Given records:
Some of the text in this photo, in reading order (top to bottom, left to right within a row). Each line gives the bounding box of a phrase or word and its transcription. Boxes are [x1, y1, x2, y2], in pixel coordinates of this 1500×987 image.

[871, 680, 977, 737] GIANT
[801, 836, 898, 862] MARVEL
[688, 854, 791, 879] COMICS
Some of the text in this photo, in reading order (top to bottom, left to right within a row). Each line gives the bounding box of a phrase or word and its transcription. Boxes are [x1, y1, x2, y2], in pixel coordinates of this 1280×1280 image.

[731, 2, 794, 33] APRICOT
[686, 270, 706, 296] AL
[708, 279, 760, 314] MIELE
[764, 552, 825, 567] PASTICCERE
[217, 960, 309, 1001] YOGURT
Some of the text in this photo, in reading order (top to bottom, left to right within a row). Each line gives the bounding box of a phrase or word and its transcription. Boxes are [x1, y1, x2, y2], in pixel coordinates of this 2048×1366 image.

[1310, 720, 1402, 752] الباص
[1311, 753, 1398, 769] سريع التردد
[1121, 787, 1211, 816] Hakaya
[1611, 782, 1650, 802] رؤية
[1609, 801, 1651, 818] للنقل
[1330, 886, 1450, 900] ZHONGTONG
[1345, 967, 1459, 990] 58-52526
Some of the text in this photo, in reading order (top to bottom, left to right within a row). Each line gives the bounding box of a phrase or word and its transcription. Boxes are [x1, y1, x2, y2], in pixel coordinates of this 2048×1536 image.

Description of the task: Repeat each entry exactly.

Exercise result:
Some of the text in this photo, in reading order (top to bottom, left to right within a row). Each line gives the bounding box of a phrase or word and its transcription. Boxes are [x1, y1, x2, y2], in pixel coordinates of this 1500×987 image.

[871, 680, 977, 737] GIANT
[801, 836, 898, 862] MARVEL
[688, 854, 791, 879] COMICS
Some of the text in this photo, in reading order (top to bottom, left to right within a row). Each line gives the bounding box of a phrase or word and its transcription. Boxes are [x1, y1, x2, y2], in pixel coordinates of this 1280×1280 image.

[731, 2, 794, 33] APRICOT
[686, 270, 706, 296] AL
[708, 279, 760, 314] MIELE
[764, 552, 825, 567] PASTICCERE
[217, 960, 309, 1001] YOGURT
Some of the text in this photo, in reading order (top to bottom, left to right within a row). Each line gives the bounding box of a phrase or word and its transcription. Boxes are [x1, y1, x2, y2], in pixel coordinates of this 2048×1366 image.

[1310, 720, 1402, 752] الباص
[1311, 753, 1398, 769] سريع التردد
[1121, 787, 1211, 816] Hakaya
[1611, 782, 1650, 802] رؤية
[1609, 801, 1651, 818] للنقل
[1330, 886, 1450, 900] ZHONGTONG
[1345, 967, 1459, 990] 58-52526
Some of the text in this photo, in reading order (top to bottom, left to right within a row). Each line gives the bounding box of a phrase or word and its transcription. Boxes are [x1, y1, x2, y2], in pixel coordinates of this 2048×1536 image.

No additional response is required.